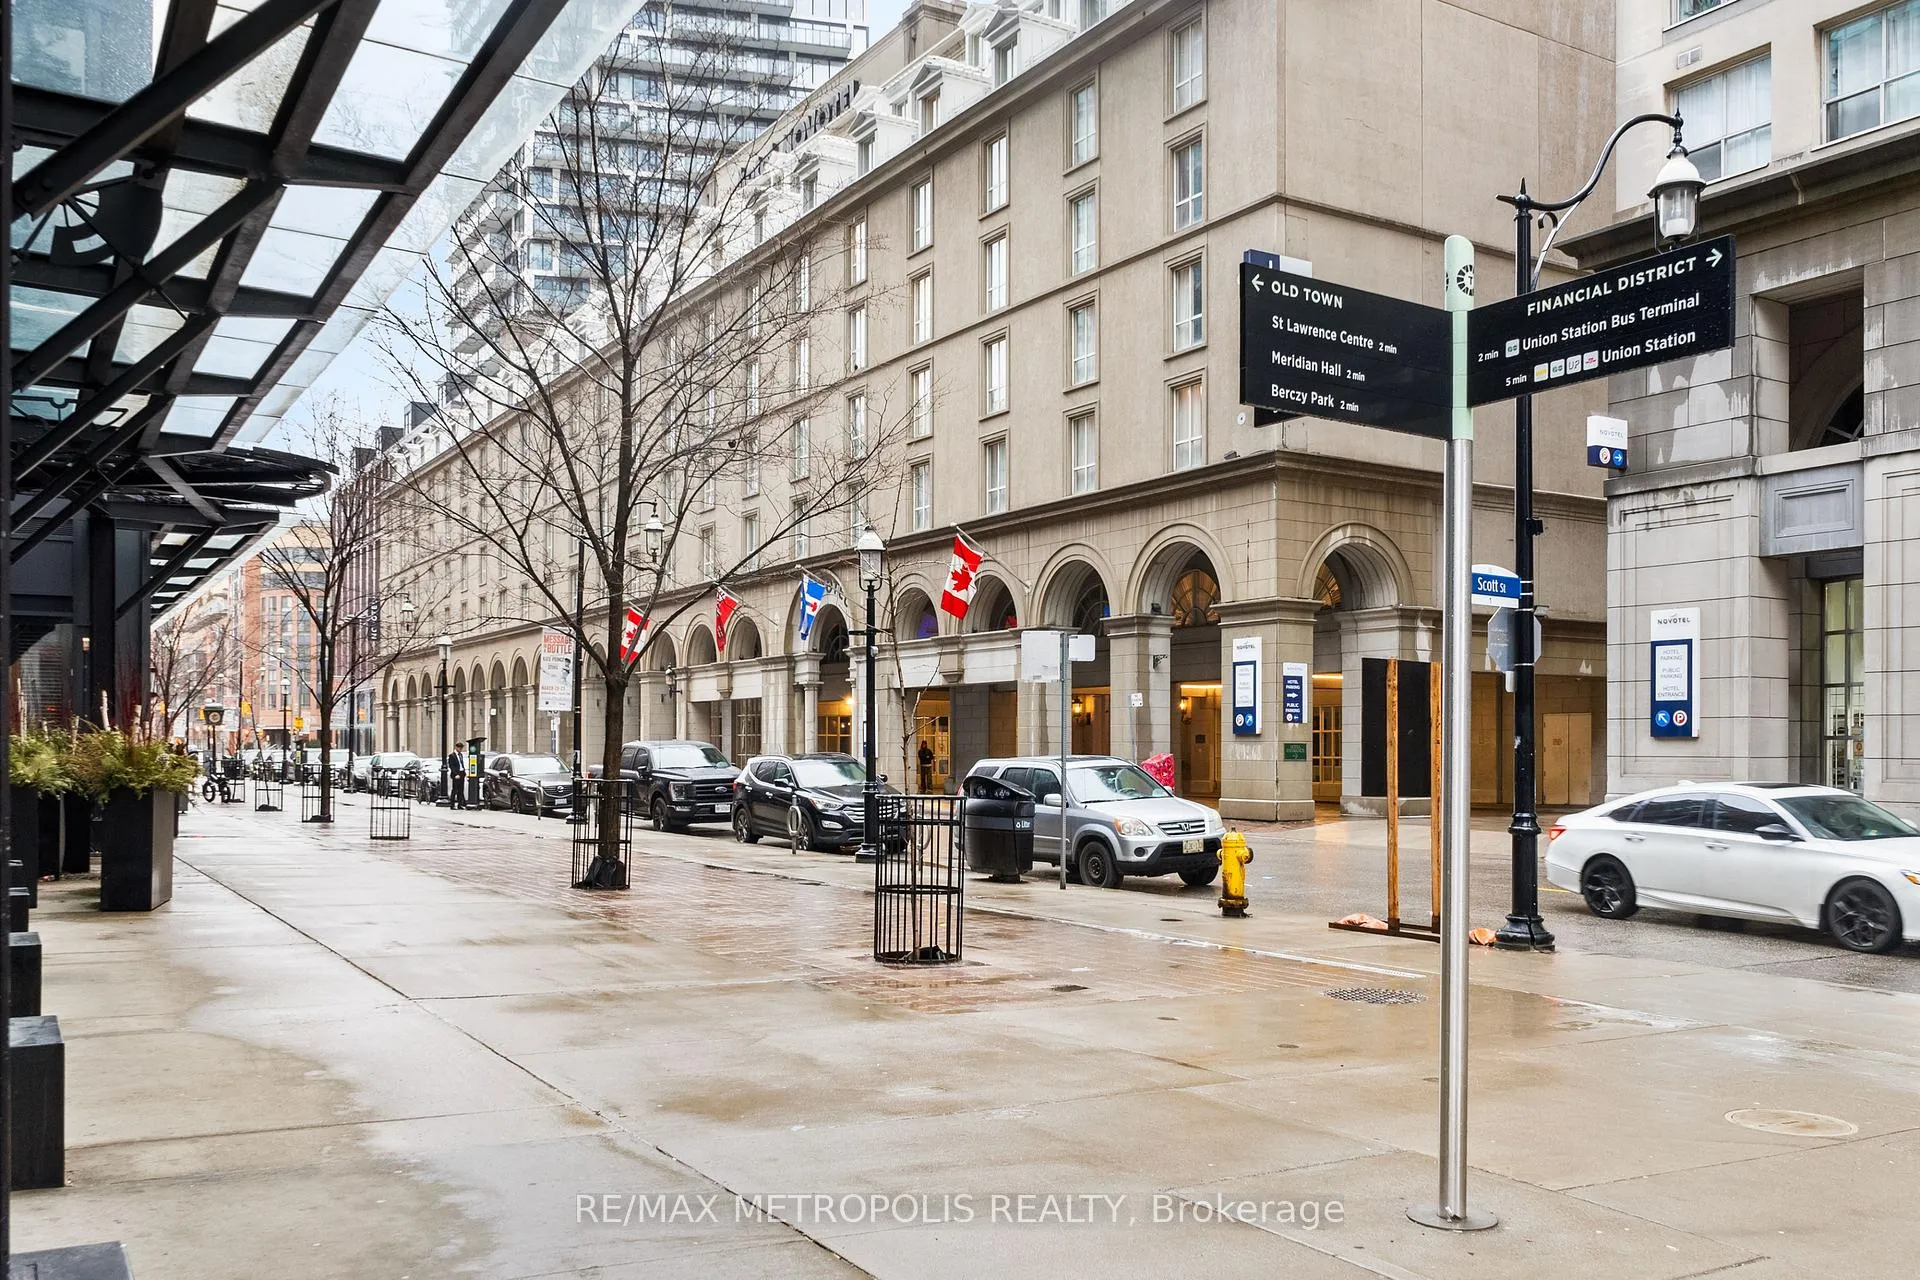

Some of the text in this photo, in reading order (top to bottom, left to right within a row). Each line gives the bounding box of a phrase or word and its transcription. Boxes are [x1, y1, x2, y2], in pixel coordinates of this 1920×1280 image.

[1271, 280, 1343, 309] OLD TOWN
[1527, 256, 1697, 317] FINANCIAL DISTRICT
[1271, 315, 1397, 354] St Lawrence Centre 2 min
[1522, 331, 1557, 351] Union
[1561, 319, 1607, 342] Station
[1611, 310, 1635, 329] Bus
[1640, 293, 1700, 321] Terminal
[1478, 348, 1499, 363] 2 min
[1602, 344, 1640, 363] Union
[1645, 330, 1696, 354] Station
[1271, 351, 1365, 382] Meridian Hall 2 min
[1505, 373, 1527, 387] 5 min
[1271, 384, 1359, 412] Berczy Park 2 min
[1477, 576, 1506, 594] Scott St
[1657, 617, 1691, 625] NOVOTEL
[547, 644, 572, 654] BOTTLE
^^^^^^^^^^^^^^^^
**EXERCISE AIM**
Copy each entry above exactly; drop the pictures.

**SOLUTION BELOW**
Some of the text in this photo, in reading order (top to bottom, left to right within a row). Each line gives the bounding box of a phrase or word and its transcription. Boxes are [x1, y1, x2, y2], in pixel coordinates of this 1920×1280 image.

[1271, 280, 1343, 309] OLD TOWN
[1527, 256, 1697, 317] FINANCIAL DISTRICT
[1271, 315, 1397, 354] St Lawrence Centre 2 min
[1522, 331, 1557, 351] Union
[1561, 319, 1607, 342] Station
[1611, 310, 1635, 329] Bus
[1640, 293, 1700, 321] Terminal
[1478, 348, 1499, 363] 2 min
[1602, 344, 1640, 363] Union
[1645, 330, 1696, 354] Station
[1271, 351, 1365, 382] Meridian Hall 2 min
[1505, 373, 1527, 387] 5 min
[1271, 384, 1359, 412] Berczy Park 2 min
[1477, 576, 1506, 594] Scott St
[1657, 617, 1691, 625] NOVOTEL
[547, 644, 572, 654] BOTTLE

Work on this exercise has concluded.